On the morning of March 17, 1,000 Chadian soldiers led by Youssouf and 500 Nigerien soldiers led by Colonel Toumba Mohamed attacked the town of Damasak, forcing Boko Haram to flee. The city was recaptured after seven hours of fighting. The hundreds of civilians held hostage by Boko Haram were brought along with the fleeing militants. Almost all of the town's 15,000 residents had fled during the November 2014 fall of the town and the March 2015 recapture, and RFI reported that only a few elderly people could be seen. About 50 people remained in Damasak after the battle.

== Aftermath ==
According to a Chadian security source on March 9, 200 Boko Haram fighters had been killed. In comparison, ten Chadian soldiers had been killed and around 20 injured. A hospital worker in Diffa said they had 33 injured soldiers, but no nationalities were specified. Reuters reported, citing a Nigerien military source, that five Nigerien soldiers had been killed.

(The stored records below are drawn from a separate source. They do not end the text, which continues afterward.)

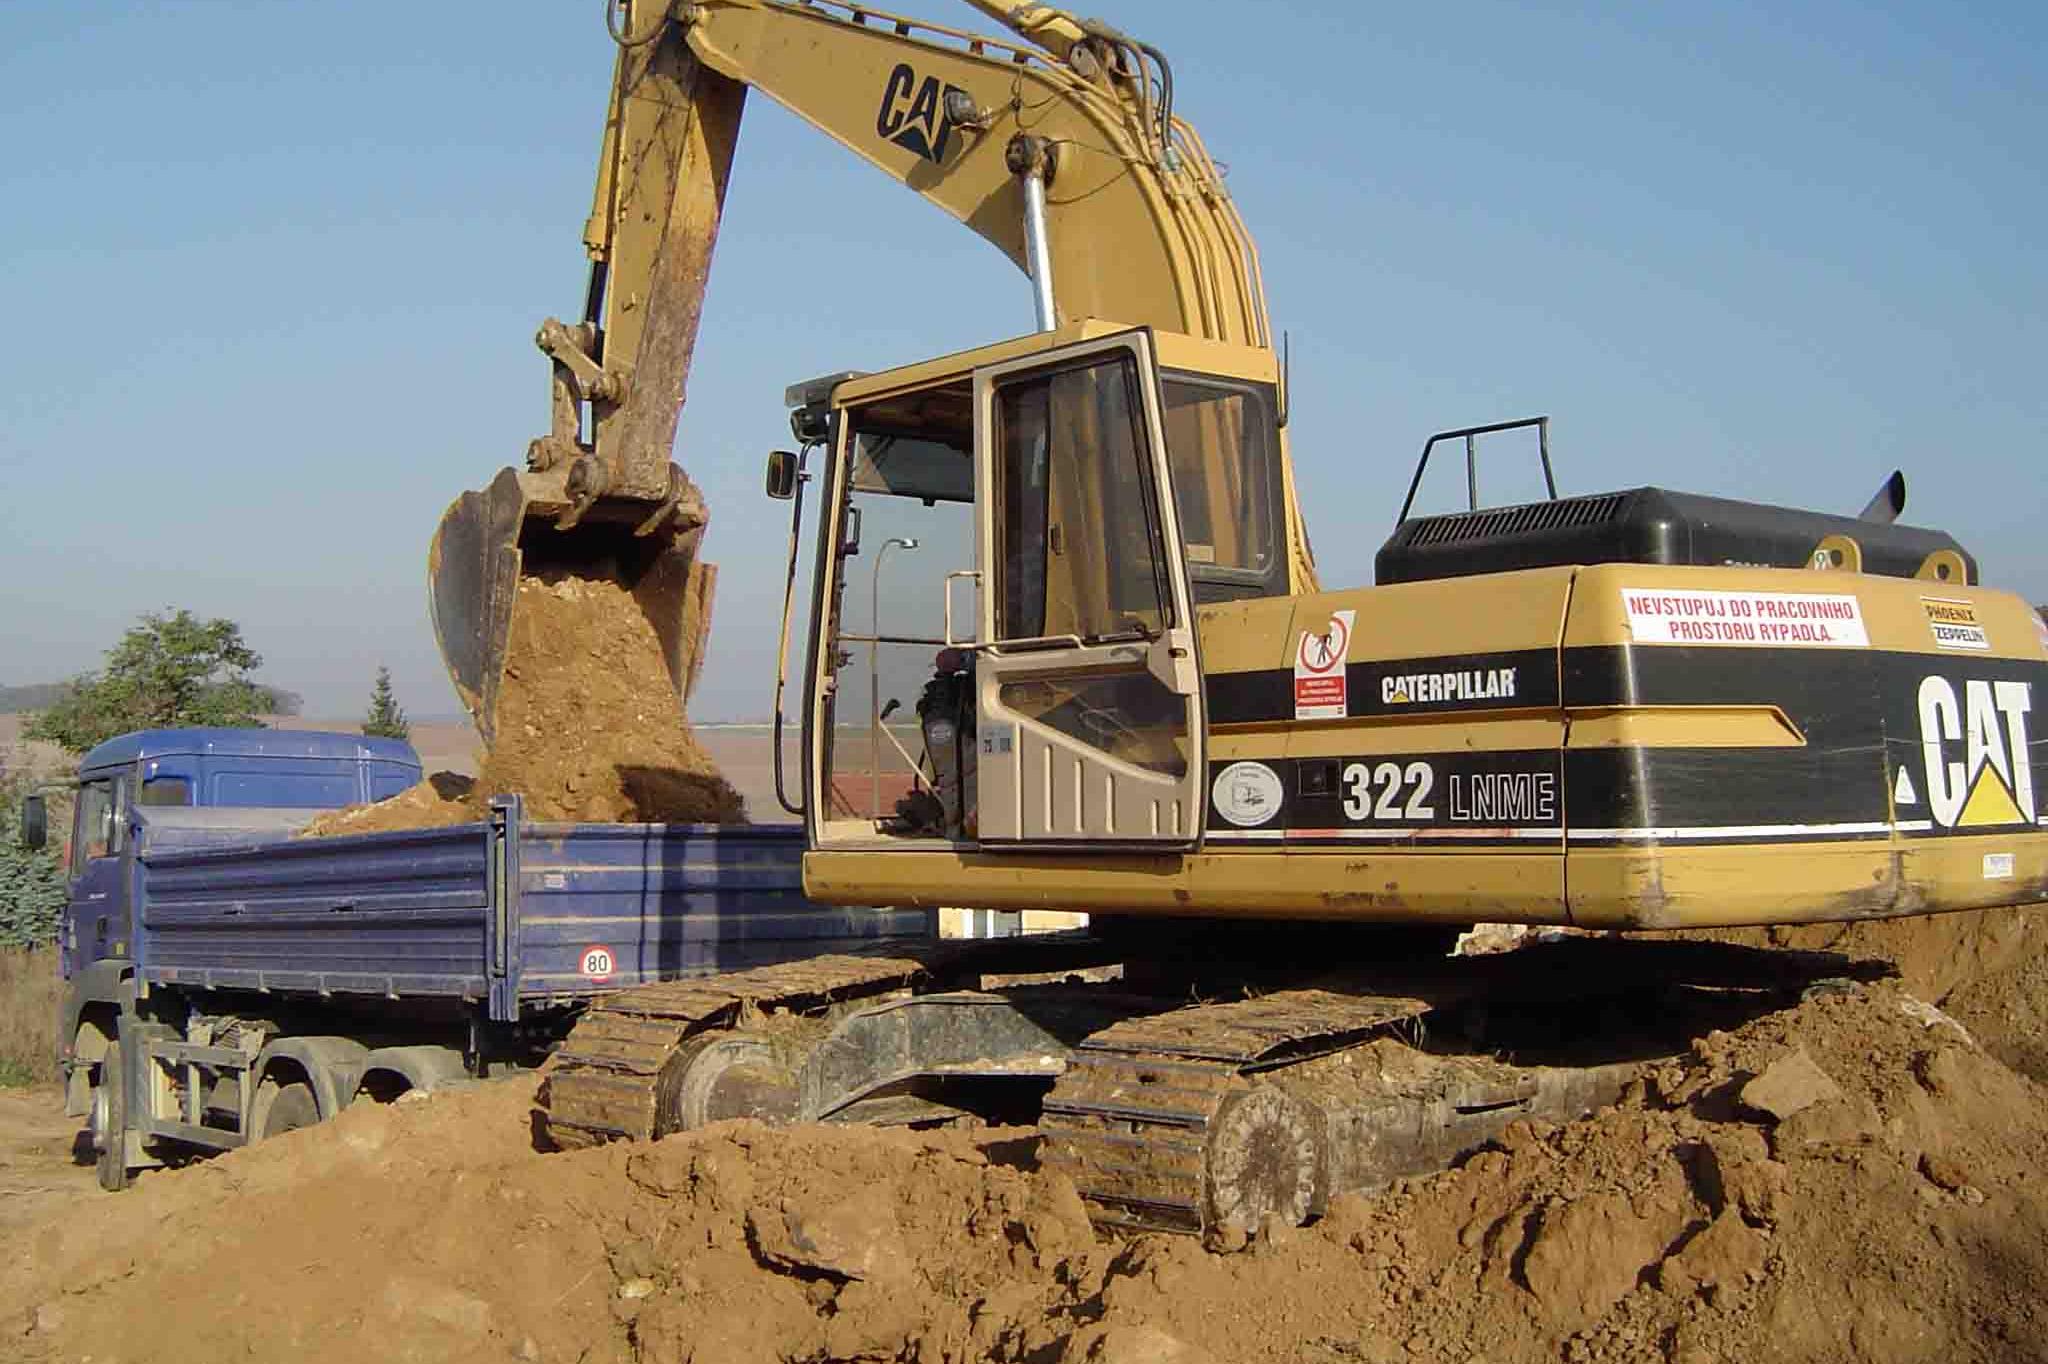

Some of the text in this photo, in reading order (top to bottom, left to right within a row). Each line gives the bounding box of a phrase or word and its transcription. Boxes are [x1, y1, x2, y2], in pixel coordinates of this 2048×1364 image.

[1629, 596, 1726, 617] NEVSTUPUJ
[1728, 599, 1752, 617] DO
[1668, 620, 1755, 640] PROSTORU
[1381, 668, 1516, 704] CATERPILLAR
[1918, 675, 2036, 828] CAT
[1343, 762, 1555, 821] 322 LNME
[587, 954, 608, 973] 80
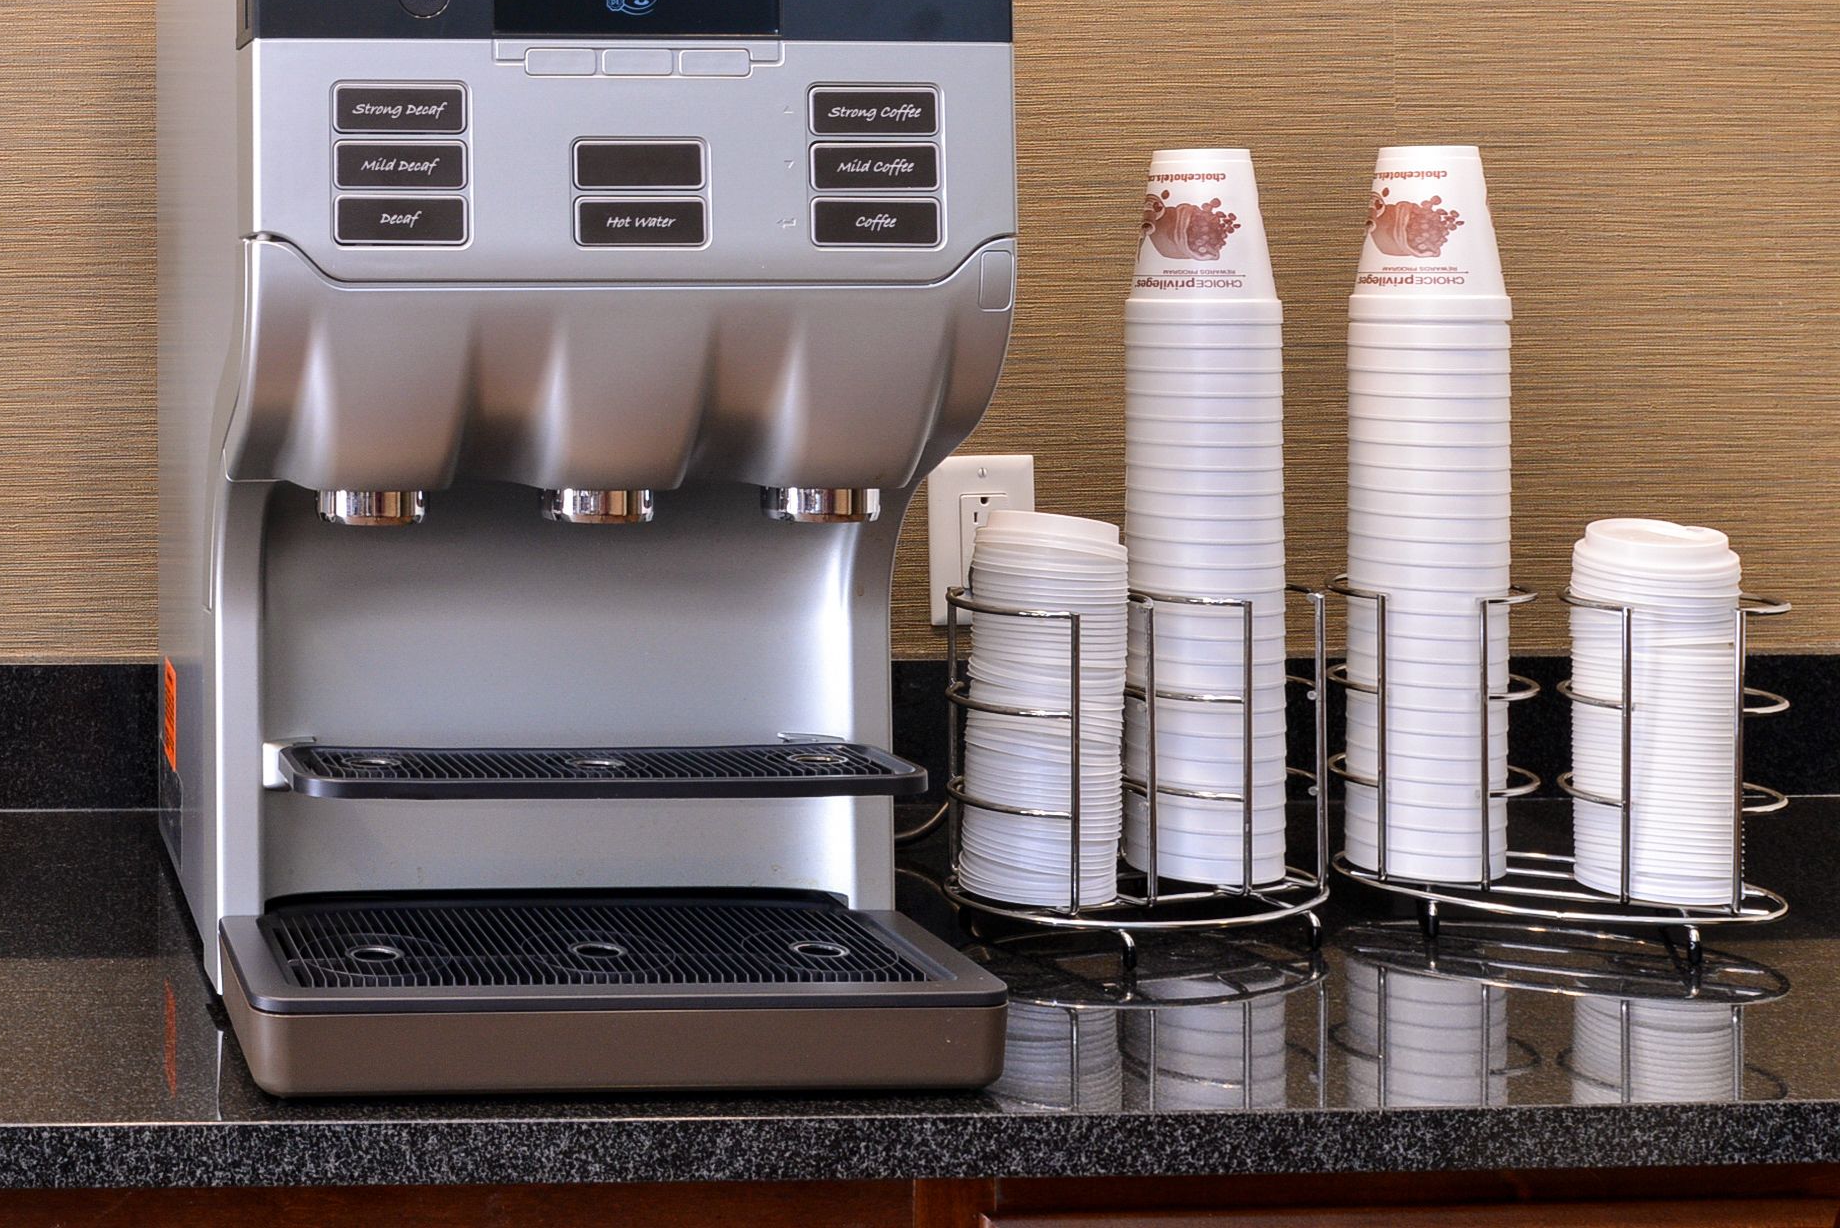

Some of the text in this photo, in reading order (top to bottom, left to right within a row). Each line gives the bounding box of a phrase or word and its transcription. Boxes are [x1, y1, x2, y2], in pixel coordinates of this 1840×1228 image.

On March 19, Nigerien Army spokesman Moustafa Ledru said that the offensive, labeled Operation Mai Dounama, left 228 Boko Haram militants killed alongside one Nigerien soldier killed and eight wounded. After the battle Chadian soldiers set up camps outside of the town and two Chadian helicopters arrived with supplies.

Massacres

On March 20, a day after entering Damasak, the Chadian and Nigerien soldiers discovered a mass grave north of Damasak containing around 100 bodies, including of women, children, and the elderly. More bodies were discovered in the following days, including in a dry riverbed and under a bridge. At least 400 bodies had been discovered, most of them slaughtered by Boko Haram in January, in and around Damasak after the battle. Many of the bodies had their throats slit and were mummified.

Of the 506 civilians kidnapped by Boko Haram during the battle, at least 300 remained hostage a year later. Some of the children had escaped, but those that did not were being taught in Boko Haram-led madrasas.